_Given records_:
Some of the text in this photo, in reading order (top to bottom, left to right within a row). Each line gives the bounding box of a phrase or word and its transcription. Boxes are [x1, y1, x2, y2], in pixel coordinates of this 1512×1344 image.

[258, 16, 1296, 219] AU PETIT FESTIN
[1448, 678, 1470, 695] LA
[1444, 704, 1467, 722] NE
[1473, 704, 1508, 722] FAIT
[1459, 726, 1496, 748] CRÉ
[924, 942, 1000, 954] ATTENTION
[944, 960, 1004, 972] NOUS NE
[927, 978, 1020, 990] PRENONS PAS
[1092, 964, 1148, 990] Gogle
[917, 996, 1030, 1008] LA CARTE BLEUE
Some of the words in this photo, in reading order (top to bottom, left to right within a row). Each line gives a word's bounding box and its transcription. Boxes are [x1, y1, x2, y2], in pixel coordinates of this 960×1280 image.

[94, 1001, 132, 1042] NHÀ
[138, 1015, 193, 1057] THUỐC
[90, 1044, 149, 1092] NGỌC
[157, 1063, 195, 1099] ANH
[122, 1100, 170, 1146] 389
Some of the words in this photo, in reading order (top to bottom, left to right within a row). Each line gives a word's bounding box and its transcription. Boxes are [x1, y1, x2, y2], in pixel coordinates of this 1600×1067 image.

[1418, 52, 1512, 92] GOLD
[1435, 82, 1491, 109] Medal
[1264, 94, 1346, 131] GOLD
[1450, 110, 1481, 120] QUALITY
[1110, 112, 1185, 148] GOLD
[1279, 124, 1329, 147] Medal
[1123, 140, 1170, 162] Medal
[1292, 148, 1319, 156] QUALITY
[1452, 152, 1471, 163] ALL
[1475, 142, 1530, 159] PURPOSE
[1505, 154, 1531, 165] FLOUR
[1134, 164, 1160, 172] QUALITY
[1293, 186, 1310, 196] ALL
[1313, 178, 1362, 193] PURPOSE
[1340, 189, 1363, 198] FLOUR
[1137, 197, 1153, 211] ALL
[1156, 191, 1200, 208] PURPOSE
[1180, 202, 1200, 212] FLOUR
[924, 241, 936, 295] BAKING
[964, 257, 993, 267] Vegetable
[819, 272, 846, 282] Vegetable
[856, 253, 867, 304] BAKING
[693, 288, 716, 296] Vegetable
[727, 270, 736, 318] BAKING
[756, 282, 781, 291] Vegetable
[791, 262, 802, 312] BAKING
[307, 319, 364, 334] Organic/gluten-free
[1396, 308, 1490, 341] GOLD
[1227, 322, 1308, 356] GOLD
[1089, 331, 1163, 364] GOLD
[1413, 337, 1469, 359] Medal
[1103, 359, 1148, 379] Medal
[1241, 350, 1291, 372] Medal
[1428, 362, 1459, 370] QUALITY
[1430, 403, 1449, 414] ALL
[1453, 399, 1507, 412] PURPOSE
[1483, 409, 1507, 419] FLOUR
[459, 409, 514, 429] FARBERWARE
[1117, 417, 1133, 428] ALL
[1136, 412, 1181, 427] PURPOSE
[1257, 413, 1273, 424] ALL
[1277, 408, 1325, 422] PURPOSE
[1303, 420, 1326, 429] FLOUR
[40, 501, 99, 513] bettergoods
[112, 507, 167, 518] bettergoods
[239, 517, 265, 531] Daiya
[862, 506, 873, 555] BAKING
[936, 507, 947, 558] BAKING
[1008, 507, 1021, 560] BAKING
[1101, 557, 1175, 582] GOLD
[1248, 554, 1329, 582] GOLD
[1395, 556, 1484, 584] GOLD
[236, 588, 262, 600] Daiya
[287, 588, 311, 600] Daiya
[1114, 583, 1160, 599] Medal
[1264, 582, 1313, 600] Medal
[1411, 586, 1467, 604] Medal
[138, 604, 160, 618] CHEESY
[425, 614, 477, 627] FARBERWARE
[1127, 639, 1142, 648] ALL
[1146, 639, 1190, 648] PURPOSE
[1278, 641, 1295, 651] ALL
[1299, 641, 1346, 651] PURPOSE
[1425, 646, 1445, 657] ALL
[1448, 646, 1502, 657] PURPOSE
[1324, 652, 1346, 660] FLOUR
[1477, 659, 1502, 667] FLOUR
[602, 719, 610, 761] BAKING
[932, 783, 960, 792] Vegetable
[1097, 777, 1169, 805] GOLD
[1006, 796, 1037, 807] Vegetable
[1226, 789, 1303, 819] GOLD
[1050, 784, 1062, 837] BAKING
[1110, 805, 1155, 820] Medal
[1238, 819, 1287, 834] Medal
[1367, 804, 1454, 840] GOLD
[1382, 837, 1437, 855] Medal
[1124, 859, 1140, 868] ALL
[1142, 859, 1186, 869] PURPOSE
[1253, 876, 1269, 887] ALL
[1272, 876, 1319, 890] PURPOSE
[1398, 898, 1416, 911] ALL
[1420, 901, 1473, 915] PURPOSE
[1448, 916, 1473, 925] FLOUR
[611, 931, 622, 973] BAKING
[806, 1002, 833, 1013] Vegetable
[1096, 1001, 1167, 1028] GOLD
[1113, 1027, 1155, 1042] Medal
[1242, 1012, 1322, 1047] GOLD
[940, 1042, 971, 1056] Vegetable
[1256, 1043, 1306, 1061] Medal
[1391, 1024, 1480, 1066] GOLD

_Requirement_:
Retype the listing above word for word.

_Answer to this problem_:
Some of the text in this photo, in reading order (top to bottom, left to right within a row). Each line gives the bounding box of a phrase or word and its transcription. Boxes are [x1, y1, x2, y2], in pixel coordinates of this 1512×1344 image.

[258, 16, 1296, 219] AU PETIT FESTIN
[1448, 678, 1470, 695] LA
[1444, 704, 1467, 722] NE
[1473, 704, 1508, 722] FAIT
[1459, 726, 1496, 748] CRÉ
[924, 942, 1000, 954] ATTENTION
[944, 960, 1004, 972] NOUS NE
[927, 978, 1020, 990] PRENONS PAS
[1092, 964, 1148, 990] Gogle
[917, 996, 1030, 1008] LA CARTE BLEUE
Some of the words in this photo, in reading order (top to bottom, left to right within a row). Each line gives a word's bounding box and its transcription. Boxes are [x1, y1, x2, y2], in pixel coordinates of this 960×1280 image.

[94, 1001, 132, 1042] NHÀ
[138, 1015, 193, 1057] THUỐC
[90, 1044, 149, 1092] NGỌC
[157, 1063, 195, 1099] ANH
[122, 1100, 170, 1146] 389
Some of the words in this photo, in reading order (top to bottom, left to right within a row). Each line gives a word's bounding box and its transcription. Boxes are [x1, y1, x2, y2], in pixel coordinates of this 1600×1067 image.

[1418, 52, 1512, 92] GOLD
[1435, 82, 1491, 109] Medal
[1264, 94, 1346, 131] GOLD
[1450, 110, 1481, 120] QUALITY
[1110, 112, 1185, 148] GOLD
[1279, 124, 1329, 147] Medal
[1123, 140, 1170, 162] Medal
[1292, 148, 1319, 156] QUALITY
[1452, 152, 1471, 163] ALL
[1475, 142, 1530, 159] PURPOSE
[1505, 154, 1531, 165] FLOUR
[1134, 164, 1160, 172] QUALITY
[1293, 186, 1310, 196] ALL
[1313, 178, 1362, 193] PURPOSE
[1340, 189, 1363, 198] FLOUR
[1137, 197, 1153, 211] ALL
[1156, 191, 1200, 208] PURPOSE
[1180, 202, 1200, 212] FLOUR
[924, 241, 936, 295] BAKING
[964, 257, 993, 267] Vegetable
[819, 272, 846, 282] Vegetable
[856, 253, 867, 304] BAKING
[693, 288, 716, 296] Vegetable
[727, 270, 736, 318] BAKING
[756, 282, 781, 291] Vegetable
[791, 262, 802, 312] BAKING
[307, 319, 364, 334] Organic/gluten-free
[1396, 308, 1490, 341] GOLD
[1227, 322, 1308, 356] GOLD
[1089, 331, 1163, 364] GOLD
[1413, 337, 1469, 359] Medal
[1103, 359, 1148, 379] Medal
[1241, 350, 1291, 372] Medal
[1428, 362, 1459, 370] QUALITY
[1430, 403, 1449, 414] ALL
[1453, 399, 1507, 412] PURPOSE
[1483, 409, 1507, 419] FLOUR
[459, 409, 514, 429] FARBERWARE
[1117, 417, 1133, 428] ALL
[1136, 412, 1181, 427] PURPOSE
[1257, 413, 1273, 424] ALL
[1277, 408, 1325, 422] PURPOSE
[1303, 420, 1326, 429] FLOUR
[40, 501, 99, 513] bettergoods
[112, 507, 167, 518] bettergoods
[239, 517, 265, 531] Daiya
[862, 506, 873, 555] BAKING
[936, 507, 947, 558] BAKING
[1008, 507, 1021, 560] BAKING
[1101, 557, 1175, 582] GOLD
[1248, 554, 1329, 582] GOLD
[1395, 556, 1484, 584] GOLD
[236, 588, 262, 600] Daiya
[287, 588, 311, 600] Daiya
[1114, 583, 1160, 599] Medal
[1264, 582, 1313, 600] Medal
[1411, 586, 1467, 604] Medal
[138, 604, 160, 618] CHEESY
[425, 614, 477, 627] FARBERWARE
[1127, 639, 1142, 648] ALL
[1146, 639, 1190, 648] PURPOSE
[1278, 641, 1295, 651] ALL
[1299, 641, 1346, 651] PURPOSE
[1425, 646, 1445, 657] ALL
[1448, 646, 1502, 657] PURPOSE
[1324, 652, 1346, 660] FLOUR
[1477, 659, 1502, 667] FLOUR
[602, 719, 610, 761] BAKING
[932, 783, 960, 792] Vegetable
[1097, 777, 1169, 805] GOLD
[1006, 796, 1037, 807] Vegetable
[1226, 789, 1303, 819] GOLD
[1050, 784, 1062, 837] BAKING
[1110, 805, 1155, 820] Medal
[1238, 819, 1287, 834] Medal
[1367, 804, 1454, 840] GOLD
[1382, 837, 1437, 855] Medal
[1124, 859, 1140, 868] ALL
[1142, 859, 1186, 869] PURPOSE
[1253, 876, 1269, 887] ALL
[1272, 876, 1319, 890] PURPOSE
[1398, 898, 1416, 911] ALL
[1420, 901, 1473, 915] PURPOSE
[1448, 916, 1473, 925] FLOUR
[611, 931, 622, 973] BAKING
[806, 1002, 833, 1013] Vegetable
[1096, 1001, 1167, 1028] GOLD
[1113, 1027, 1155, 1042] Medal
[1242, 1012, 1322, 1047] GOLD
[940, 1042, 971, 1056] Vegetable
[1256, 1043, 1306, 1061] Medal
[1391, 1024, 1480, 1066] GOLD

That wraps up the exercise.